Work order –
In the copy, keep every record exact and leave out all images.

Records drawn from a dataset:

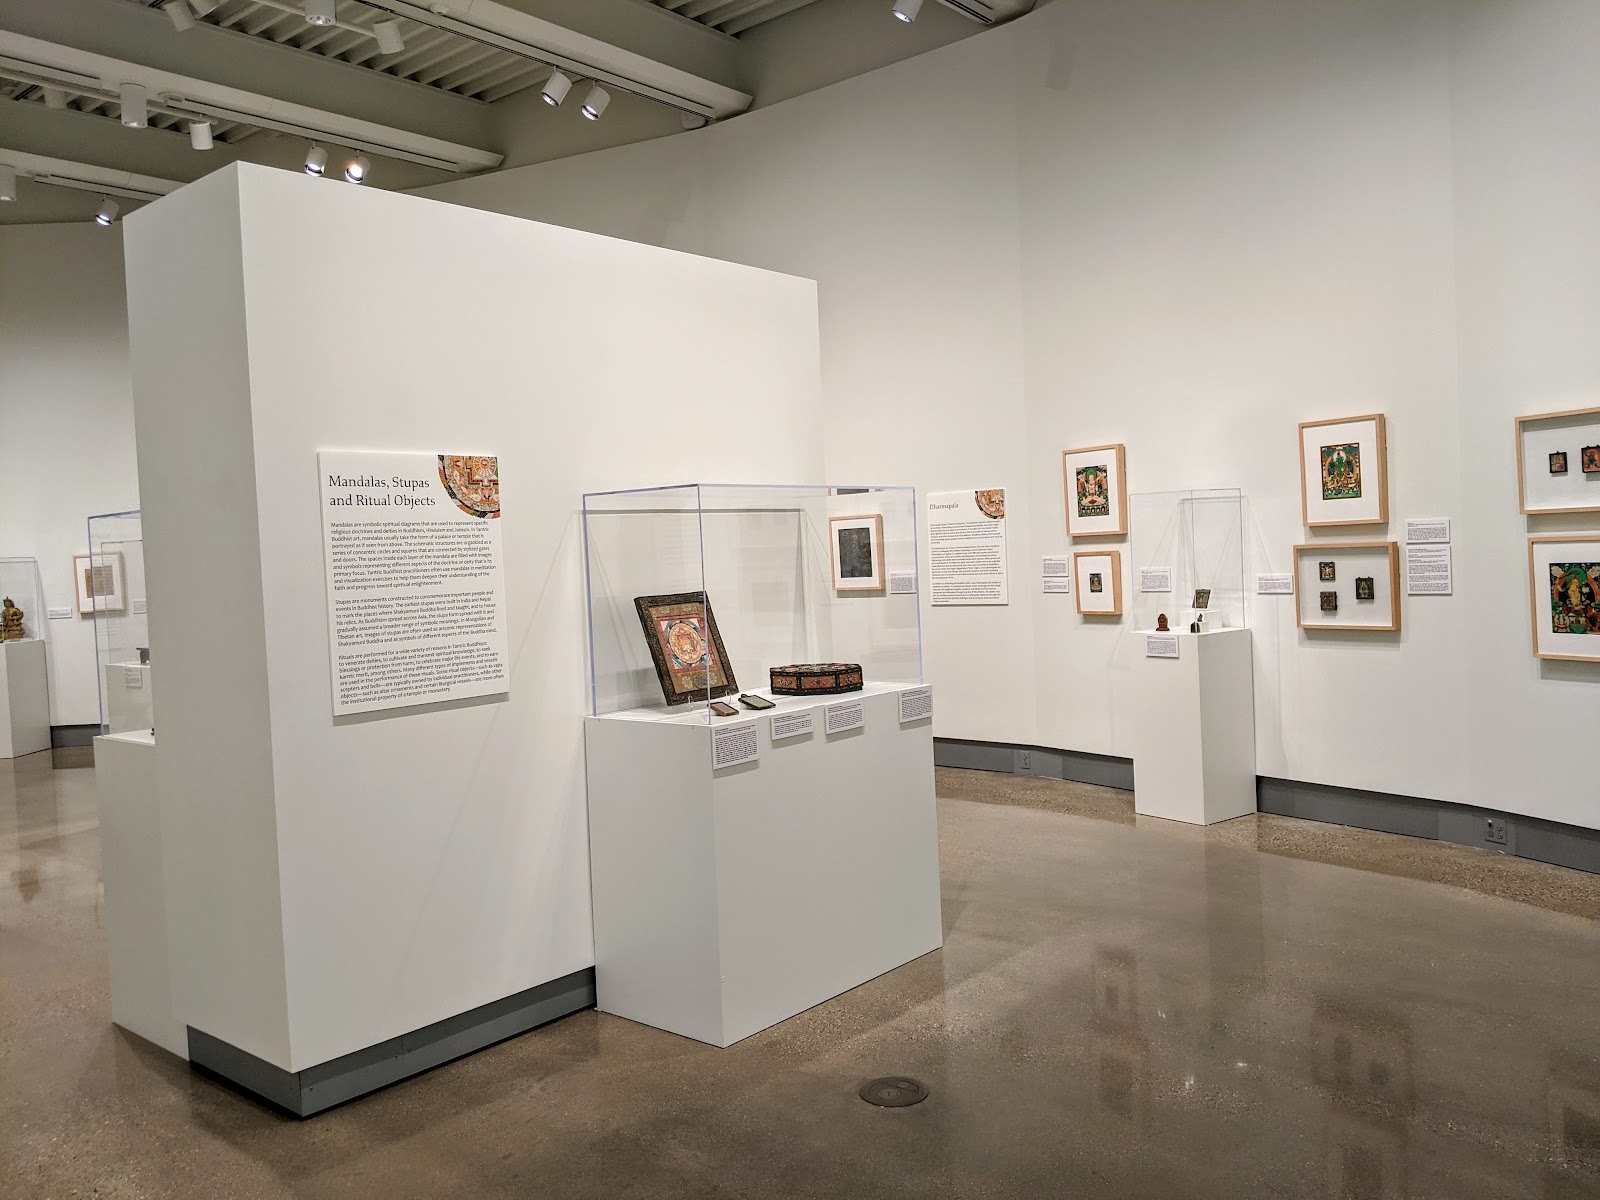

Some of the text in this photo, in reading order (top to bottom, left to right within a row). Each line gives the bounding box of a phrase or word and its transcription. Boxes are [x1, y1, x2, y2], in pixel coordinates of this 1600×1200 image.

[328, 474, 430, 491] Mandalas, Stupas
[329, 493, 436, 509] and Ritual Objects
[331, 542, 356, 550] portrayed
[333, 570, 352, 578] primary
[403, 567, 430, 575] practitioners
[342, 563, 362, 571] symbols
[362, 562, 392, 570] representing
[344, 576, 372, 584] visualization
[448, 571, 478, 579] understanding
[335, 598, 352, 606] Stupas
[387, 594, 414, 602] constructed
[363, 610, 378, 618] places
[393, 608, 420, 616] Shakyamuni
[387, 615, 403, 623] spread
[336, 626, 359, 634] gradually
[420, 619, 439, 627] symbolic
[364, 631, 381, 639] images
[386, 629, 402, 637] stupas
[455, 622, 488, 631] representations
[337, 639, 366, 648] Shakyamuni
[398, 634, 417, 642] symbols
[363, 650, 388, 659] performed
[410, 646, 425, 654] variety
[388, 654, 408, 662] cultivate
[435, 650, 453, 658] spiritual
[338, 666, 361, 674] blessings
[366, 662, 391, 671] protection
[339, 672, 355, 680] karmic
[373, 674, 403, 683] performance
[393, 679, 412, 687] typically
[377, 693, 398, 702] property
[406, 689, 422, 698] temple

Exercise solution –
Some of the text in this photo, in reading order (top to bottom, left to right within a row). Each line gives the bounding box of a phrase or word and its transcription. Boxes are [x1, y1, x2, y2], in pixel coordinates of this 1600×1200 image.

[328, 474, 430, 491] Mandalas, Stupas
[329, 493, 436, 509] and Ritual Objects
[331, 542, 356, 550] portrayed
[333, 570, 352, 578] primary
[403, 567, 430, 575] practitioners
[342, 563, 362, 571] symbols
[362, 562, 392, 570] representing
[344, 576, 372, 584] visualization
[448, 571, 478, 579] understanding
[335, 598, 352, 606] Stupas
[387, 594, 414, 602] constructed
[363, 610, 378, 618] places
[393, 608, 420, 616] Shakyamuni
[387, 615, 403, 623] spread
[336, 626, 359, 634] gradually
[420, 619, 439, 627] symbolic
[364, 631, 381, 639] images
[386, 629, 402, 637] stupas
[455, 622, 488, 631] representations
[337, 639, 366, 648] Shakyamuni
[398, 634, 417, 642] symbols
[363, 650, 388, 659] performed
[410, 646, 425, 654] variety
[388, 654, 408, 662] cultivate
[435, 650, 453, 658] spiritual
[338, 666, 361, 674] blessings
[366, 662, 391, 671] protection
[339, 672, 355, 680] karmic
[373, 674, 403, 683] performance
[393, 679, 412, 687] typically
[377, 693, 398, 702] property
[406, 689, 422, 698] temple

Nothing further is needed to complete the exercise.